En el último párrafo se cita a los hermanos Pepe y Paco de Torrebaja, refiriéndose a José (1929-2008) y Francisco Gracia Bertolín (1931-92), alias los Molineros, hijos de Lázaro y Andrea, que regentaban el molino de Abajo (Molino del Mayorazgo); a la tía María Rosa, esto es, a la señora María Rosa Zaragoza Luz (Ademuz, 1868), y a don Antonio Villanueva Garrido (+1959), farmacéutico, natural de Casas Bajas (Valencia). Asimismo, se alude a cierta bomba, procedente de los bombardeos nacionales en la
zona durante la Guerra Civil (1936-39), cuya carcasa todavía se conserva en
Torrebaja (Valencia).[5]
Calle y edificios en Ademuz (Valencia), detalle del urbanismo (2009). |
Terminada
la guerra, la vida diaria continuó de forma parecida a como había discurrido
hasta entonces, aunque ya nada sería igual:
- Después de la guerra, Paco y Pepe, los del molino, ya llevaban más ganado, casi veinte ovejas, pero seguían viniéndose con nosotros. Ellos encerraban en el molino de Abajo, que llamaban del tío Lázaro –se refiere al señor Lázaro Gracia López (1902-1964)-, que era su padre. Terminada la guerra, durante algún tiempo fui a la escuela con don Vicente Soriano Jiménez, un maestro de la Huerta del Marquesado (Cuenca), que había estado (preso) en la cárcel y estaba entonces aquí, desterrado... Un hermano de aquel maestro era catedrático de medicina, y fue director del Hospital de San Pablo en Barcelona.
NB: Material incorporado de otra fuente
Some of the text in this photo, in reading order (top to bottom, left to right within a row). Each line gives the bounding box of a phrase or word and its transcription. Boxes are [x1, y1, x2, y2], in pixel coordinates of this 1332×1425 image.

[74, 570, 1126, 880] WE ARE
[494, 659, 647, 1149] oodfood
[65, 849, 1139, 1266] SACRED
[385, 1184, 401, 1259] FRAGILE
Los padres de estos señores tenían la posada de su pueblo... Con aquel maestro aprendí algo, poco; porque lo que aprendías durante invierno se te olvidaba al verano... Bueno, algo se me quedaría... Mis padres le pagaban 15 pesetas al mes para que me diera clase. Los muchachos íbamos a su casa por las noches –de las siete de la tarde a las diez de la noche-, y allí nos daba lección a los que estábamos. Yo fui durante dos o tres temporadas. La vivienda la tenía alquilada, pues estuvo residiendo en varias casas; en la de Dámaso, también en la carretera... Después, aquel hombre, en cuanto terminó el destierro, se marchó a su tierra: hace algunos años aún vivía..., pero yo ya no le he vuelto a ver.
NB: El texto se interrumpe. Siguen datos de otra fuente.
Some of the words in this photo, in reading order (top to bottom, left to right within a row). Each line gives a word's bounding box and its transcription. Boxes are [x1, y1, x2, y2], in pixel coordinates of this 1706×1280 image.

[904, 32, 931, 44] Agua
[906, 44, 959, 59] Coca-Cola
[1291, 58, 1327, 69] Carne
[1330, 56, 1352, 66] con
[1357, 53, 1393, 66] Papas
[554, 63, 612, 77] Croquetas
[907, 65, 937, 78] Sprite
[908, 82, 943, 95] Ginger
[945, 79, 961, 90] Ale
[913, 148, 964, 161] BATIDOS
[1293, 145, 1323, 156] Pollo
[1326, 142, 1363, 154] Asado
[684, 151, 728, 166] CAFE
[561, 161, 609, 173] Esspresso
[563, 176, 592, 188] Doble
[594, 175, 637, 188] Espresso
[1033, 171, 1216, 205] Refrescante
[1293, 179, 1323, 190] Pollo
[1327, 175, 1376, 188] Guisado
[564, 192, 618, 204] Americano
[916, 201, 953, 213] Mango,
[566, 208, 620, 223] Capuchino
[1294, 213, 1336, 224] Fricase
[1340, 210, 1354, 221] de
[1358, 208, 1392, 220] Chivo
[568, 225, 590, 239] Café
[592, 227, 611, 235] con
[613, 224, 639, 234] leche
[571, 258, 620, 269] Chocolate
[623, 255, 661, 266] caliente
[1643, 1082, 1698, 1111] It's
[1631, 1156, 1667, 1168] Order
Se menciona aquí a un acreditado médico –el doctor Máximo Soriano
Jiménez (1905-1978)-, nacido en la Huerta del Marquesado (Cuenca), en cuya casa natalicia –calle
de la Iglesia número 5- hay una placa conmemorativa, que dice: EN ESTA CASA
NACIÓ EL/ DR. [MÁXIMO] SORIANO JIMÉNEZ,/ CATEDRÁTICO QUE FUE DE/ LA FACULTAD DE
MEDICINA/ DE BARCELONA./ SUS HERMANOS. Existe una fundación Privada que lleva
su nombre, inscrita en el registro de Fundaciones de la Generalidad de
Cataluña, cuya finalidad es "La ayuda en el desarrollo de la investigación, docencia y
tratamiento en todo ámbito de las Enfermedades Infecciosas y SIDA, así como en
su prevención y educación sanitaria de la población".[6] El señor Rufo continúa diciendo:
- Mi padre murió después de la guerra, cuando tenía sesenta y un años. No recuerdo bien cuándo, hacia 1944-45; pero sí sé que fue el 8 de septiembre, día de la Virgen de Tejeda, mi hermano Manuel estaba entonces en la mili... Durante varios años, seis o siete, hasta después de casarme, estuve trabajando las tierras de los hijos de la tía María Rosa: lo que sembraba (maíz, remolacha, alfalfe...) lo tenía a medias, pero los frutales se los trabajaba a jornal; a veces cogía algún jornalero que me hacía falta. Trabajar “a medias” quiere decir que la mitad de la cosecha que sacaba era para el amo de las tierras. Y “a jornal” que por trabajar las tierras y cuidar los árboles (podar, regar, sulfatar...) recibía un salario, pero toda la cosecha era para dueño. Bueno, las manzanas del suelo me las quedaba, y cuando estaban picadas eran para los animales... Sí, la tía María Rosa y nosotros éramos familia, ella era prima hermana de mi madre, pero ellos eran ricos y nosotros pobres..., cosas de la vida.
El
señor Rufo y su esposa -la señora María- se casaron a mediados de los cincuenta -en 1955-,
y al año siguiente les nació una hija; después emigraron a Francia, donde
estuvieron casi una década:
- Sí, mi mujer y yo nos casamos aquí en Ademuz. Fue el 15 de enero de 1955 y a los catorce meses de casarnos, el 31 de marzo de 1956, nació Mari Luz, la hija que tenemos; y cuatro años después nos fuimos a Francia: primero me fui yo y estuve un año solo; después vinieron ellas. Allí estuvimos unos nueve años y pico. Mi madre murió de setenta y seis años, estando yo allá; cuando vine a recoger a mi mujer y a mi hija, mi madre hacía un mes que había fallecido...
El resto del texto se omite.